Un urbanisme qui ne subordonne pas nécessairement le développement urbain au développement économique, qui en reconnaît l’autonomie et le considère comme partie intégrante du développement au sens le plus large, sinon comme un moteur de la croissance économique – au même titre que le commerce international. Un urbanisme quelque peu formel, direz-vous, mais simple et facile à enseigner, facile à mettre en œuvre au point que nos petits topographes administratifs de Brazzaville ont su en faire métier, lorsque le Congo belge fut devenu indépendant, transportant leur compétence de l’autre côté du fleuve, pour faire face à la croissance phénoménale de Kinshasa et enseigner le lotissement romain, trouver un débouché pour le métier qu’ils avaient appris et faire carrière …. Ou que les services ont pu poursuivre dans les pays ( à l’opposé des complications internationales)
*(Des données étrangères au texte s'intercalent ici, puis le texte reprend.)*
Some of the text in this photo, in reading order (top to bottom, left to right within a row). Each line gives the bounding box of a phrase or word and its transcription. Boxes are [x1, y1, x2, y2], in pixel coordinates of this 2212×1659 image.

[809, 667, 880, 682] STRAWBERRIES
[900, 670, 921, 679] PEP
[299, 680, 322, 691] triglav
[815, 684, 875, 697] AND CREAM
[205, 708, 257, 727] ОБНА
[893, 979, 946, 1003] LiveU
Coopération de l’offre ou de la demande

Depuis, le courant se serait renversé, il y a ceux qui pensent et répètent que la France a une offre à faire en matière de gestion et de développement urbain, parce qu’elle a eu à gérer, chez elle, une urbanisation relativement rapide après la seconde guerre mondiale. Je m’inscris en faux contre cette banalisation de la gestion urbaine – banalisation qui est celle des institutions internationales. J’ai toujours préféré, pour ma part, parler de la capacité d’une assistance à répondre à une demande caractérisée par des besoins, des moyens et des comportements des différents acteurs. Et donc d’abord, à comprendre cette demande, ce que la langue de bois de l’aide internationale n’a pas favorisé, en imposant son offre. A élaborer des réponses aux problèmes tels qu’ils sont posés et non à inventer, indéfiniment « des problèmes à nos solutions », selon la formule de David Baudet.
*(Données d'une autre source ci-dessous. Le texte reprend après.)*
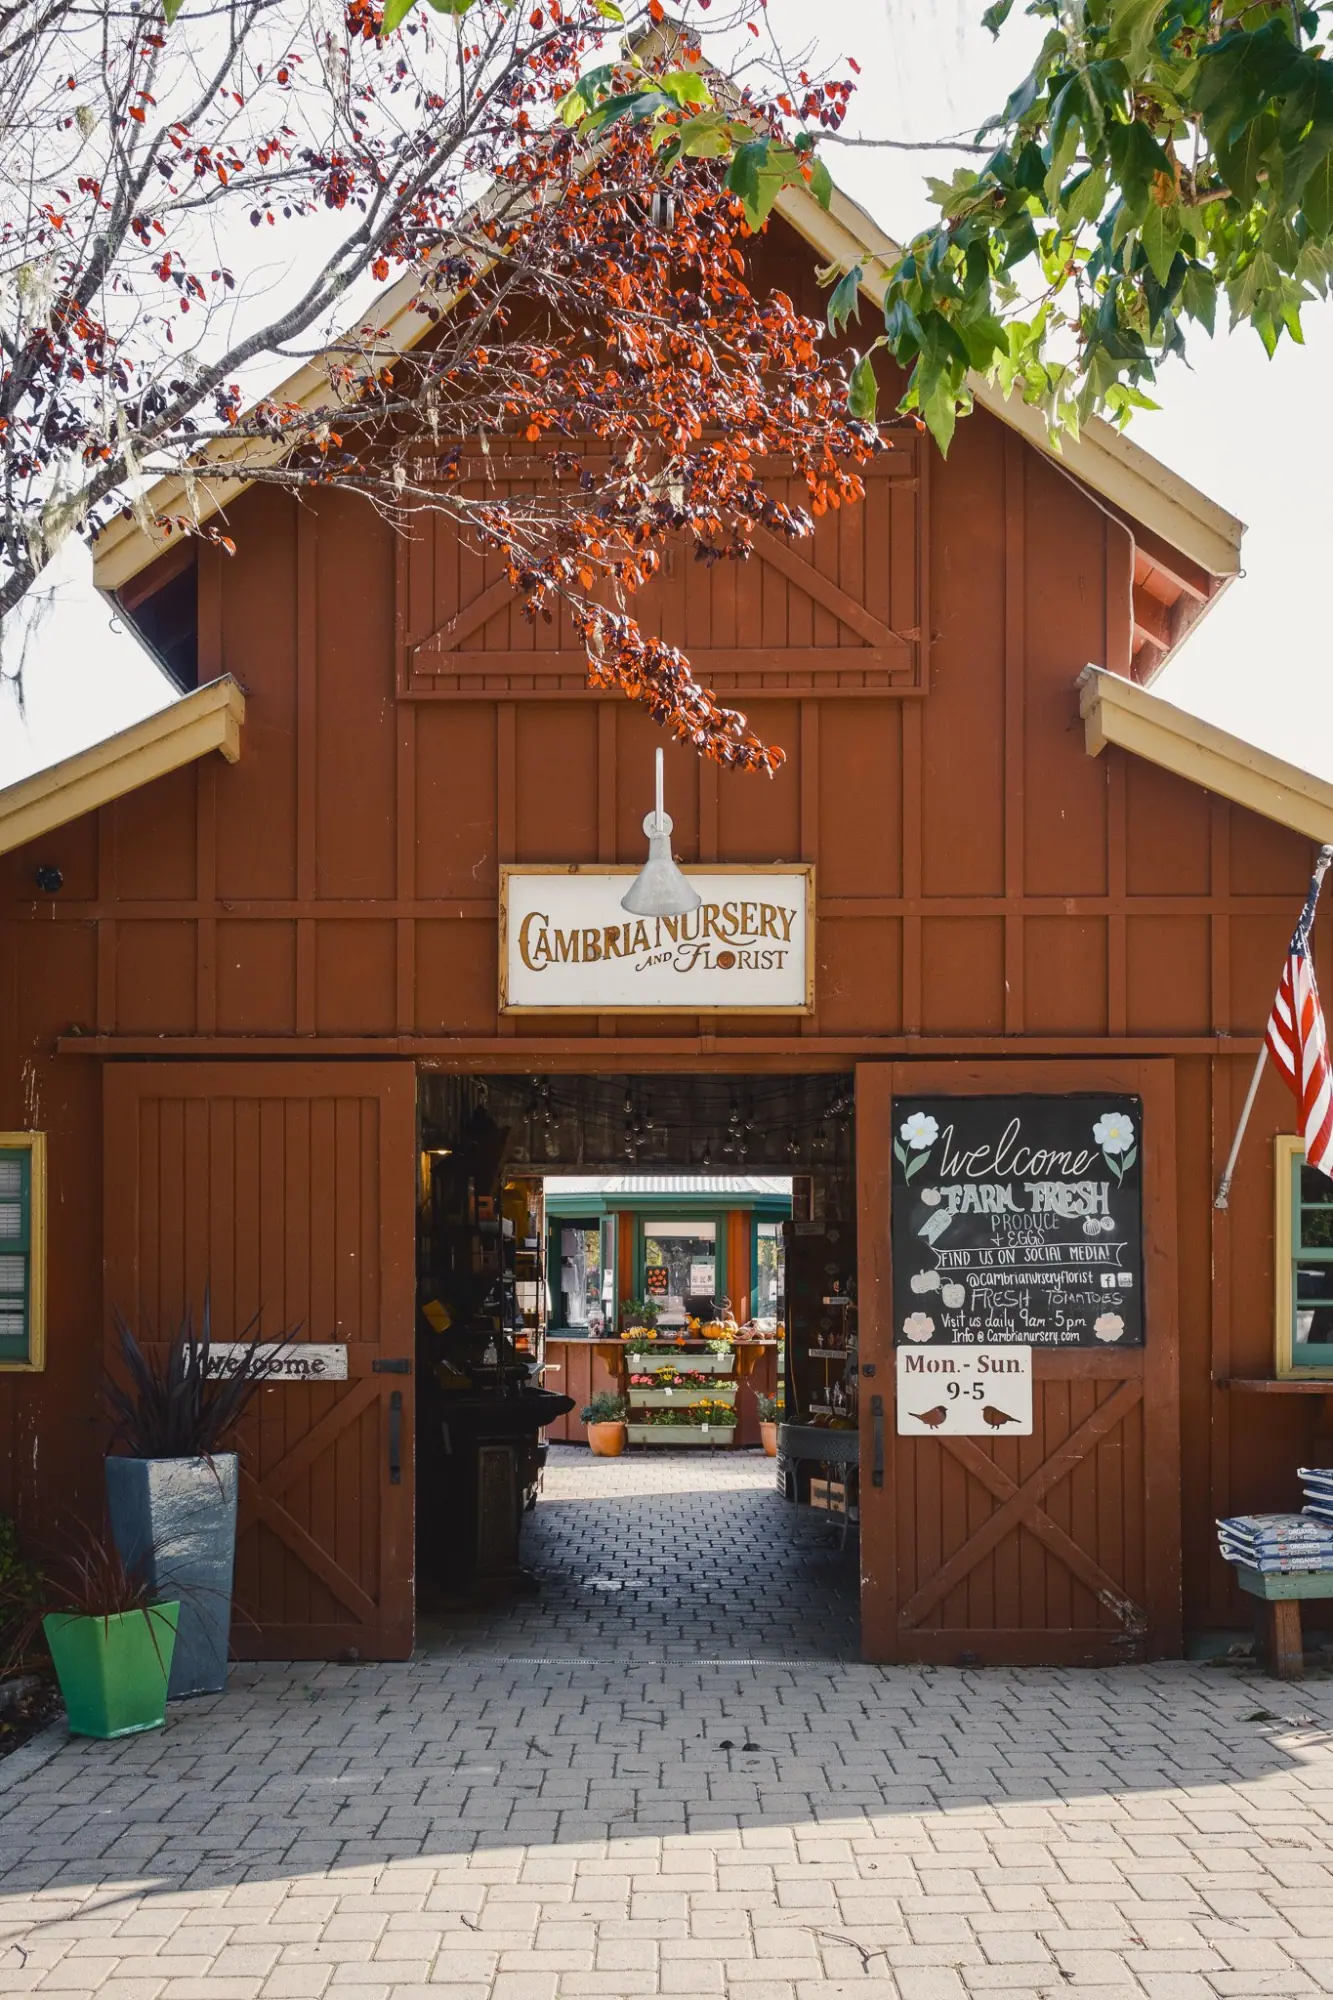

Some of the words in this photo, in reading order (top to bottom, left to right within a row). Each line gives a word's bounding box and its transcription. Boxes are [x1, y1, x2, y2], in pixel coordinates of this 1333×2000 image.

[518, 911, 652, 972] CAMBRIA
[654, 901, 797, 947] NURSERY
[635, 951, 672, 972] AND
[673, 943, 788, 973] FLORIST
[939, 1183, 1025, 1214] FARM
[1023, 1180, 1110, 1219] FRESH
[991, 1213, 1060, 1232] PRODUCE
[1007, 1229, 1045, 1247] EGGS
[941, 1251, 971, 1267] FIND
[979, 1250, 994, 1265] US
[998, 1248, 1016, 1264] ON
[1024, 1246, 1062, 1263] SOCIAL
[1069, 1244, 1110, 1261] MEDIA!
[966, 1270, 1094, 1290] @cambrianurseryflorist
[971, 1287, 1032, 1311] FRESH
[1042, 1289, 1125, 1306] TOMATOES
[941, 1310, 966, 1328] Visit
[969, 1317, 982, 1327] us
[984, 1307, 1015, 1332] daily
[1019, 1308, 1045, 1327] 9am
[951, 1327, 974, 1343] Info
[905, 1354, 961, 1373] Mon.
[977, 1354, 1025, 1373] Sun.
A cet égard, le développement urbain, ce n’est pas comme les routes ou les ponts – où il faut, certes, prendre en compte des données locales, climatiques ou économiques. La maîtrise du développement urbain doit s’inscrire dans les comportements sociaux locaux. Le développement urbain est un fait de société. Ce qui ne veut pas dire un fait d’anthropologie ou d’ethnologie statique : les sociétés évoluent, spécialement les sociétés des PED. Mais s’inscrire dans le changement sociétal est une gageure. Le coopérant ou l’assistant en développement urbain ne vient pas porter la parole ou l’expérience de la France ; il vient mettre sa compétence et son expérience au service d’un changement sociétal local. Il doit donc avant comprendre suffisamment la société locale pour être capable d’opérer ce transfert.
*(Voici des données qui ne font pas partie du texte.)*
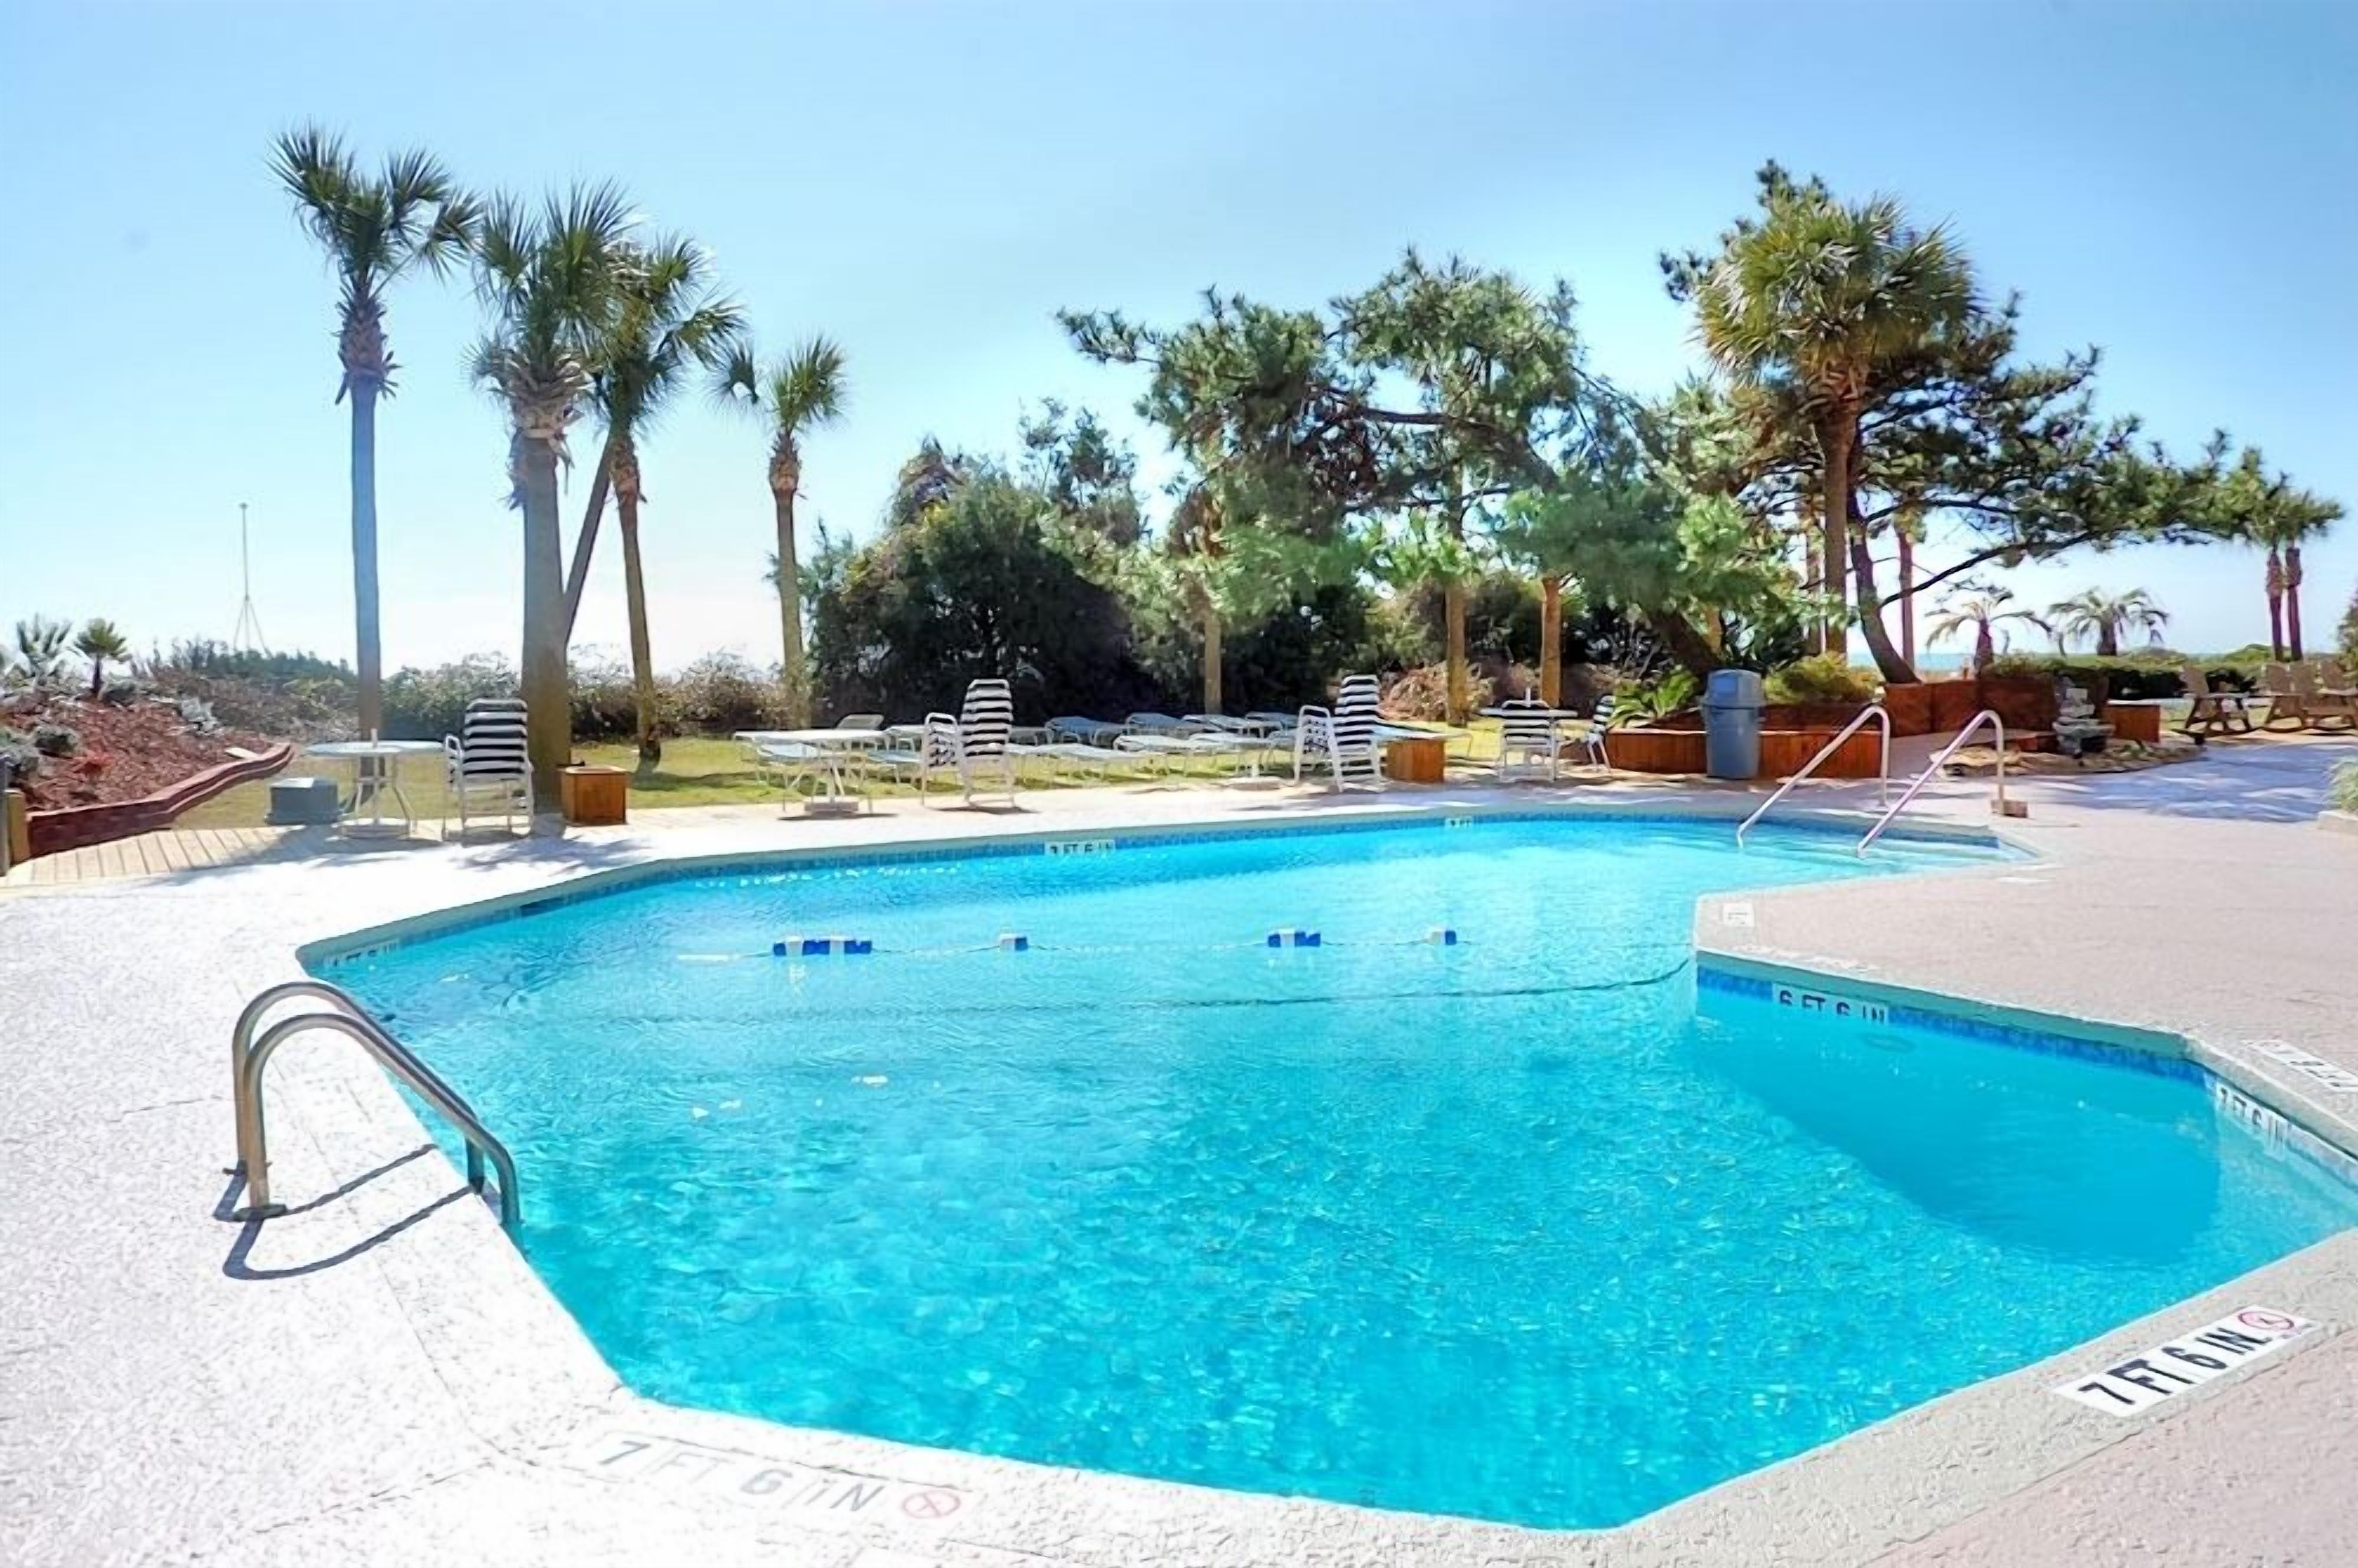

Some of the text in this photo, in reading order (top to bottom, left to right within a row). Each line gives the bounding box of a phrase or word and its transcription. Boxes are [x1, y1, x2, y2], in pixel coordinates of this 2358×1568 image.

Je dis qu’il y a, en conséquence, autant de coopérations urbaines qu’il y a de sociétés ; que les sociétés anglophones d’Afrique ont même origine que les sociétés francophones ou lusophones mais que l’ère coloniale en a fait des sociétés différentes. Qu’on n’est pas efficace, en arrivant en Inde parce qu’on a été coopérant dix ans en Afrique ou vice-versa. Certes, on sera sans doute plus rapidement efficace dans un PED si on a passé des années dans un autre pays en développement que si on débarque de France, avec une expérience strictement française – car il faut d’abord avoir pris la mesure de la spécificité de sa propre culture, de l’étrangeté des autres cultures, de l’existence de logiques propres et différentes. Ce qui pose le problème de la gestion d’une carrière et donc d’un personnel de coopération. Ce que la coopération française n’a jamais voulu vraiment faire – même au temps du SMUH – et s’apprête sans doute à ne plus faire du tout.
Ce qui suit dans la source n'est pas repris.